People and organisations
- Monarch: Elizabeth II
- Leader of the Opposition: Judith Collins
- Member party: New Zealand National Party;
- Status in legislature: Official Opposition

History
- Elections: July 2020 October 2020 (general)
- Outgoing election: 2021 New Zealand National Party leadership election (did not contest)
- Legislature terms: 52nd New Zealand Parliament 53rd New Zealand Parliament
- Predecessor: Shadow Cabinet of Todd Muller
- Successor: Shadow Cabinet of Christopher Luxon

= Shadow Cabinet of Judith Collins =

New Zealand shadow cabinet (2020–2021)

The Shadow Cabinet of Judith Collins formed the official Opposition in the 53rd New Zealand Parliament, and previously in the 52nd Parliament. It comprised the members of the New Zealand National Party, which is the largest party not a member of the Government. On Collins' dismissal as leader on 25 November 2021, the cabinet essentially ceased to exist, but what remained was de jure led on an interim basis by her deputy leader, Shane Reti, until the next leadership election. The cabinet was succeeded by that of Christopher Luxon.

Collins came to power after the resignation of Todd Muller on 14 July 2020. She led the party into the 2020 New Zealand general election and was reconfirmed as leader after the election on 6 November 2020. Following a reduction in the National Party's parliamentary membership as a result of the election, the second iteration of Collins' shadow Cabinet was announced on 11 November 2020.

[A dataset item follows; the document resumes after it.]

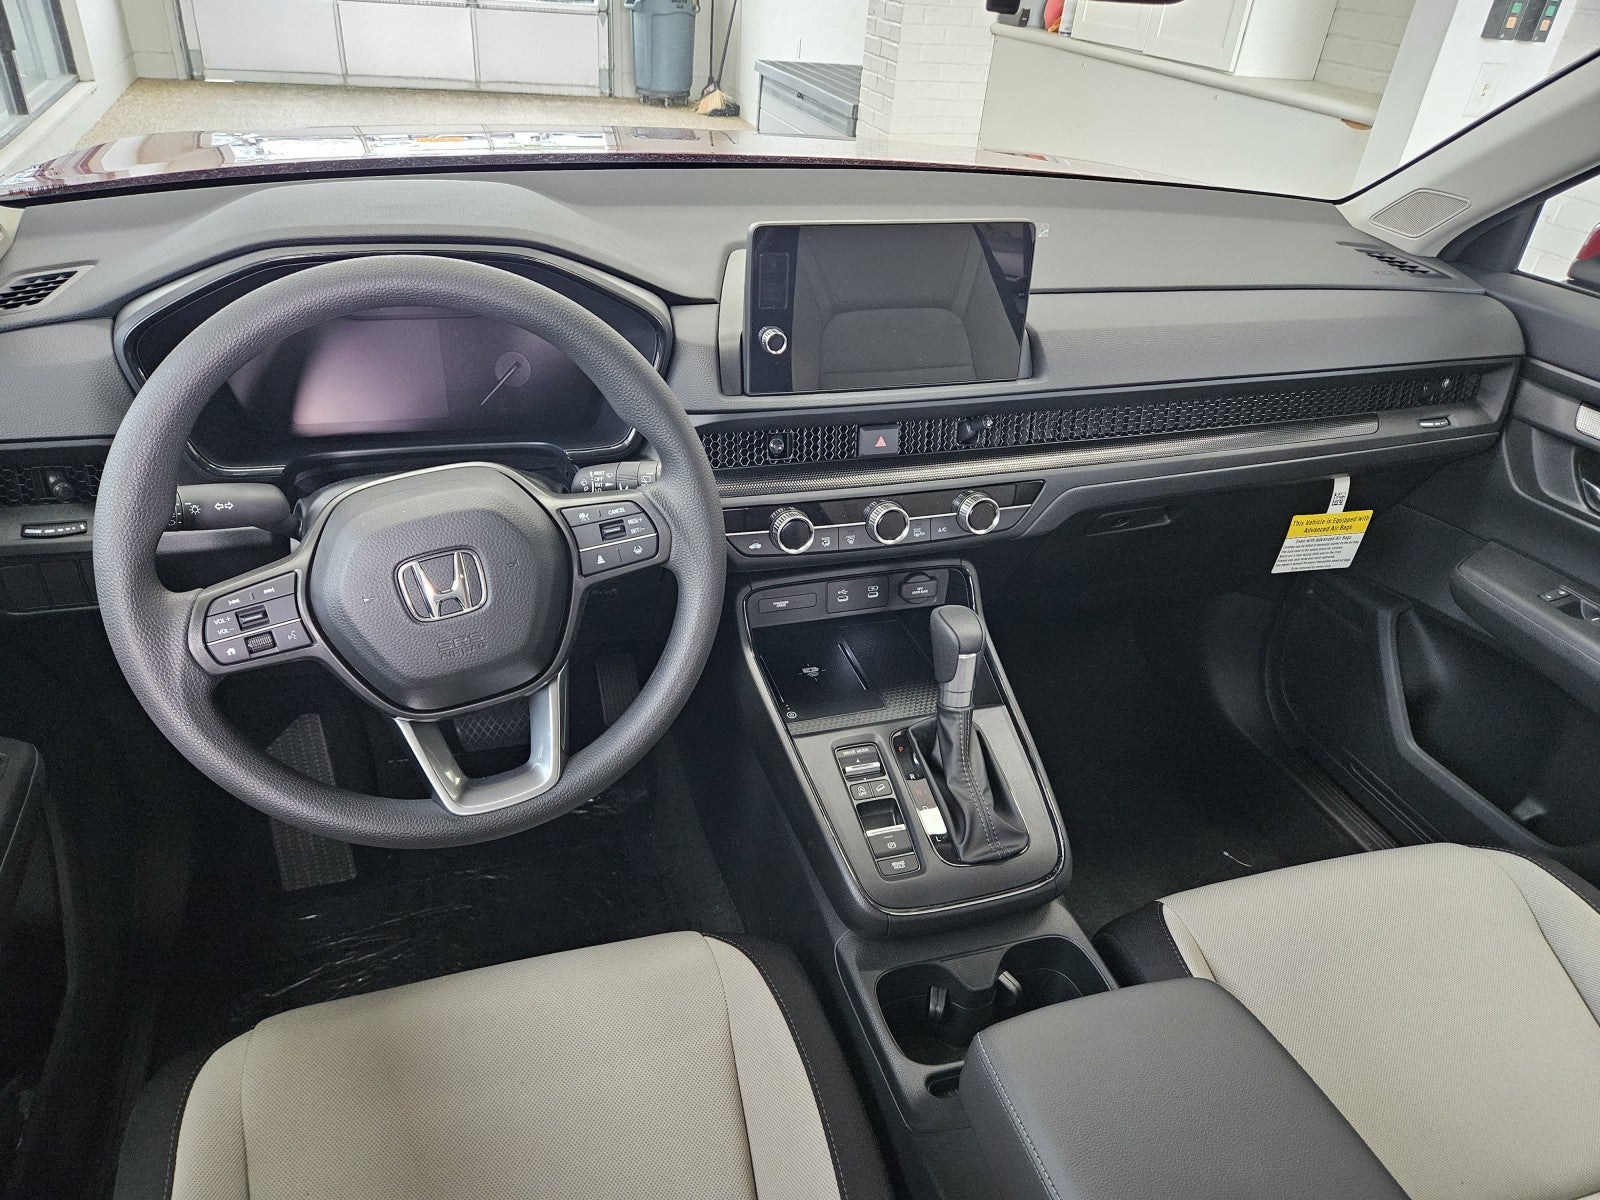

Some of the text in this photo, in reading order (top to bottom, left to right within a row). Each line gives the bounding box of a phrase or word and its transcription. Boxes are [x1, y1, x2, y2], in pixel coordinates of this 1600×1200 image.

== 52nd Parliament (July–October 2020) ==

=== Formation ===
After gaining the leadership, Collins stated that she would formally announce portfolio assignations and the caucus rankings on 16 July. However, she indicated in her first press conference on 14 July that Paul Goldsmith would likely retain the Finance portfolio, suggested in a television interview that ousted deputy leader Nikki Kaye would likely keep the Education portfolio, and stated in her second press conference on 15 July that Shane Reti would replace Michael Woodhouse as Health spokesperson and join the front bench.

Ahead of Collins' announcement, Kaye and Amy Adams, who had ranked third and been a key part of the leadership "triangle", announced they would retire at the general election. Adams' retirement was apparently linked to the loss of her COVID-19 recovery portfolio. The full list of party spokespersons was announced on 16 July. Commentators noticed that the departures of senior MPs Kaye and Adams meant that the "minor" reshuffle Collins had foreshadowed was "more substantial" as a result.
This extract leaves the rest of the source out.